A Quick and Efficient URL Shortener Script, Using PHP & MySQL
Page last updated on 2011 / 04 / 09URL shorteners have sprung up everywhere on the web, partly (I assume) because they're quick to make although the primary driver has been social networking, ala Twitter and Facebook, which both use URL shorteners. Their aim is to reduce an ugly and long URL like www.innvo.com/?loadpage=TRUE&PHPSESSID=886bb73b3156b0aa24aac99d2de0b238 to something more palatable like innvo.com/xyz ... with emphasis on keeping the URL as short as possible.
Although in this example I am going to use a 6 character domain, pretty short you may think, there are some services that are only 4 characters long, which pretty much makes them champions of URL shortening... or does it?
In this post I will share code that creates a PHP and MySQL URL shortener, with attempted emphasis on scale.
The code requires available of URL rewriting such as [url=http://httpd.apache.org/docs/1.3/howto/htaccess.html].htaccess[/url], and a version of MySQL that supports partitioning. The former is quite important but doesn't necessarily have to be mod_rewrite and .htaccess on apache, the main thing is that requests to your domain get redirected to the script I have posted below.
Also, MySQL partitioning is not essential for this but may help in scaling for larger datasets.
Take note that this is a very simple URL shortener with no special bells and whistles attached.
OK, to start off with... let's create the .htaccess file.
Save the following as ".htaccess" in the root folder of your domain (the uppermost publicly visible web folder where your index/home page usually sits)
RewriteEngine On RewriteRule !^index.php /index.php [L]

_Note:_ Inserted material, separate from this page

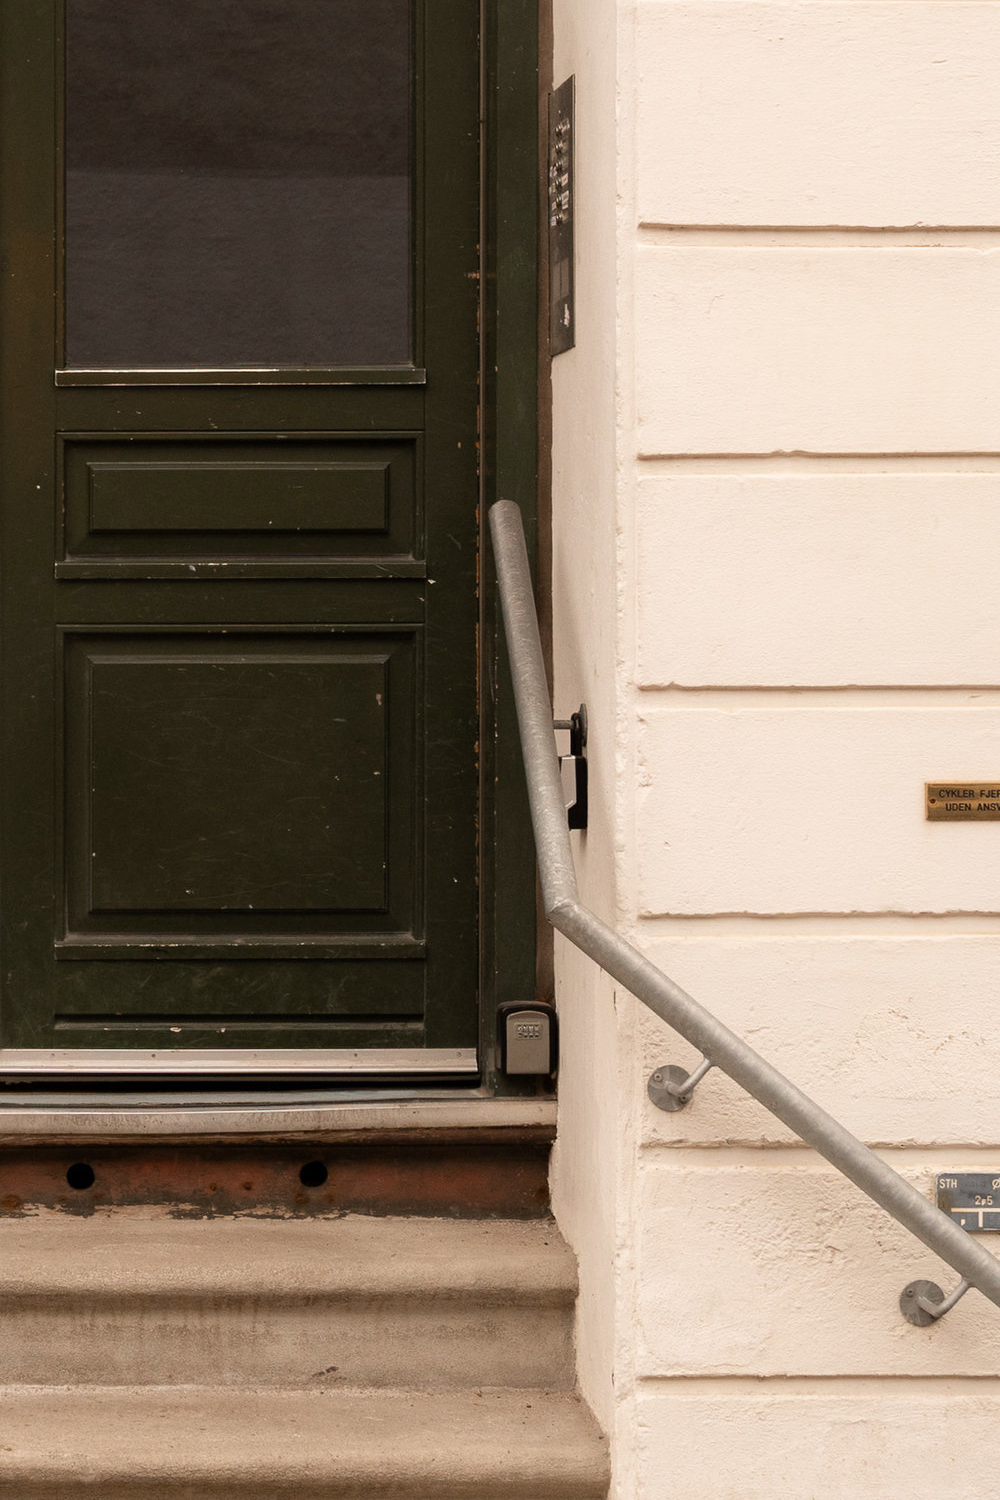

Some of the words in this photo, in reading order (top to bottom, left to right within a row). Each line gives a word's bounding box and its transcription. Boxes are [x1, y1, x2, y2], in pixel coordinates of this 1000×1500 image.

And now for the SQL, execute this list of queries on your chosen MySQL database
CREATE TABLE IF NOT EXISTS `counter` ( `id` INT(10) UNSIGNED NOT NULL ) ENGINE=myisam; INSERT INTO `counter` (`id`) VALUES (0); CREATE TABLE IF NOT EXISTS `id_to_url` ( `id` INT(10) UNSIGNED NOT NULL, `url` TEXT NOT NULL, UNIQUE KEY `id` (`id`) ) ENGINE=myisam; /*!50100 PARTITION BY KEY (id) PARTITIONS 64 */; CREATE TABLE IF NOT EXISTS `urls_to_hash` ( `hash` BINARY(16) NOT NULL, `id` INT(10) UNSIGNED NOT NULL, UNIQUE KEY `hash` (`hash`) ) ENGINE=myisam; /*!50100 PARTITION BY KEY (`hash`) PARTITIONS 64 */;
Here is the PHP, you must save this as index.php in your root web folder as that is where the .htaccess file above is currently redirecting to.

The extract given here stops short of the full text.